Quando leio sobre “o elogio da universidade” sempre lembro as discussões acadêmicas que o livro “Agostinho e Vieira – Mestres de Sujeitos!” [João Barcellos e Manuel Reis: ediç Profedições, Portugal, 2006] provocou no Brasil, na Argentina e no México, e o quanto isso me levou lá para os Anos 69 e 71 dos Século 20 e as “batalhas por uma universidade ajustada às comunidades que lhe dão sede”, no caso, a Universidade do Minho sob o crivo do prof-engº Joaquim Santos Simões. Falar do Ensino em 3º Grau nunca é tarefa fácil, porque ondas de negatividade cultural surgem entre gerações sob escudos teo-políticos que demonizam a própria sociedade e a Universidade é o primeiro foco de ataque, sempre o primeiro – e pior, sim, pior, como alerta o filósofo Manuel Reis, do Centro de Estudos do Humanismo Crítico (Guimarães-Portugal), quando a Sapiência surge ao 4º Grau em estudos noéticos que confrontam essa teo-política de ignorância assumida profeticamente.
“A graduação, ou licenciatura, é a alforria em termos de literacia. É condição para uma liberdade que pode ser usufruída, que pode ser parte de um caminho de satisfação, de reconhecimento e de autoestima. É uma valorização que apenas acrescenta, que sempre valoriza e faculta oportunidade”, diz o pedagogo Paulo Mendes Pinto, da Faculdade Lusófona (unidade São Paulo: Cotia), na edição da revista IstoÉ de 12 de fevereiro de 2023.
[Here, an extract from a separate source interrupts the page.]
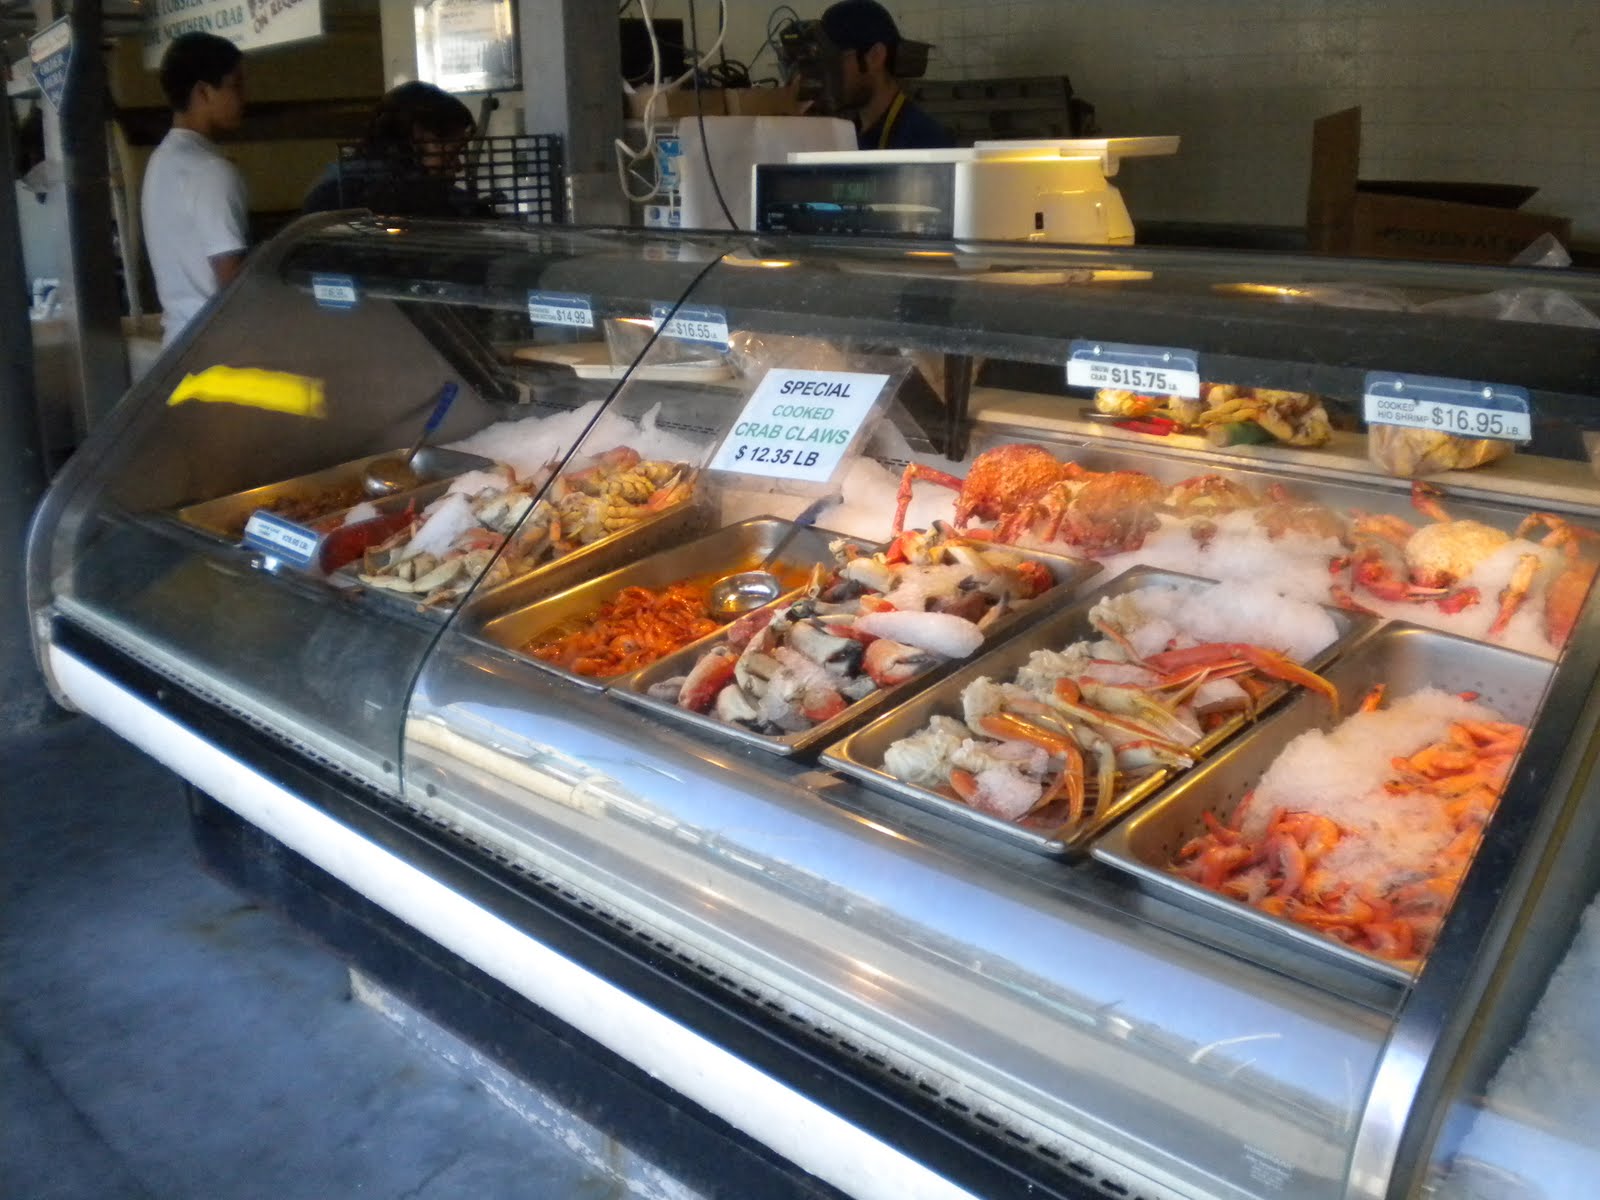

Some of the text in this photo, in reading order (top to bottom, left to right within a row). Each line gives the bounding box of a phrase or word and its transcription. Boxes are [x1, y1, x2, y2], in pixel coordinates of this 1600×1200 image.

Ler o interessante e provocador texto de Paulo Mendes Pinto não é somente ler…, é, ler para entender (lembro aqui o livro “Tempo Para Entender”, de Hélio Alves, da Universidade de Évora…, uma lição), pois, ou aprendemos a ler o que somos e da Universidade fazemos um campus da sapiência em humanismo crítico, ou assinamos aquele atestado de autodestruição social que a turma negacionista nos quer impingir em delírios de brutalidade animalesca.